A correção do apinhamento dentário tem sido amplamente discutida na literatura, e a exodontia de pré-molares é a terapia mais frequentemente indicada5. Ao definir que a paciente apresentava uma boa harmonia facial, consideração confirmada pela análise clínica e pelos dados obtidos com a TCFC, optou-se por preservar suas características faciais e manter a posição dos incisivos no sentido anteroposterior, sem extrações de pré-molares ou desgastes interproximais. No protocolo de tratamento com ancoragem absoluta (miniplacas), o controle vertical e a precisão dos movimentos são fundamentais.

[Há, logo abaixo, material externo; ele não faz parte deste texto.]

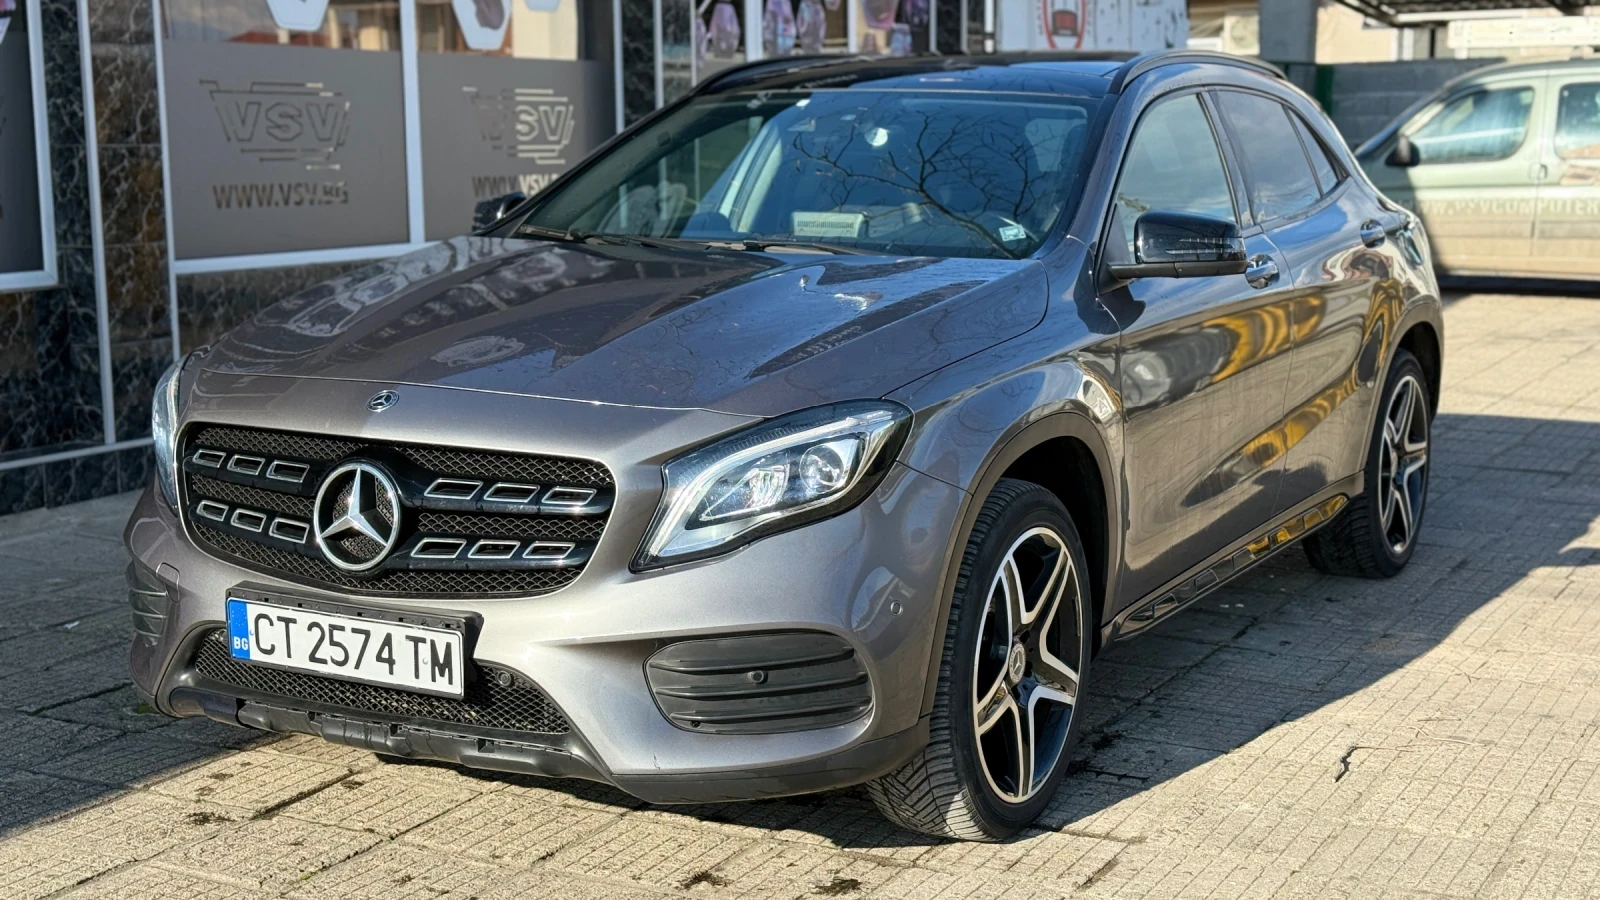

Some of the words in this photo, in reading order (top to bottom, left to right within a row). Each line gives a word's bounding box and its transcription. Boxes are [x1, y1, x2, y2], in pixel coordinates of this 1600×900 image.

Neste caso, outras condutas para ancoragem poderiam ter sido adotadas, como a utilização de dispositivos de ancoragem temporários (DATs) extra-alveolares, considerados ancoragem semiabsoluta23. Contudo, as miniplacas (ancoragem absoluta) foram as escolhidas para este tratamento por permitirem: a) o controle vertical, neutralizando os efeitos colaterais do movimento distal dos dentes posteriores, uma vez que a paciente configurava-se como dolicofacial e apresentava grande demanda deste movimento; b) a preservação de espaços para a reconstrução dos dentes 12, 22 e 25, devolvendo forma, estética e função; c) a adoção de forças de grande magnitude, permitindo alterar o design ósseo (remodelação óssea).

Conclusão

Ficou evidente neste caso clínico que as miniplacas permitiram movimentos ortodônticos de grande magnitude e precisão, sem a necessidade de exodontias de pré-molares, desgastes interproximais, vestibularizações dos incisivos ou expansões excessivas19. Além disso, o trespasse horizontal foi corrigido e o vertical foi mantido. Houve corticalização e aumento volumétrico dos côndilos, além de melhora no perfil da paciente – com harmonização da relação interlabial em razão da manutenção do ângulo interincisivo –, mostrando-se como uma opção de tratamento nos casos de apinhamentos severos, além de possibilitar o refinamento na finalização ortodôntica com fins estéticos.

O manuseio da remodelação óssea possibilita a reformatação óssea e permite uma readequação dentária funcional associada a um redirecionamento da estética facial simultaneamente, ampliando os efeitos da Ortodontia.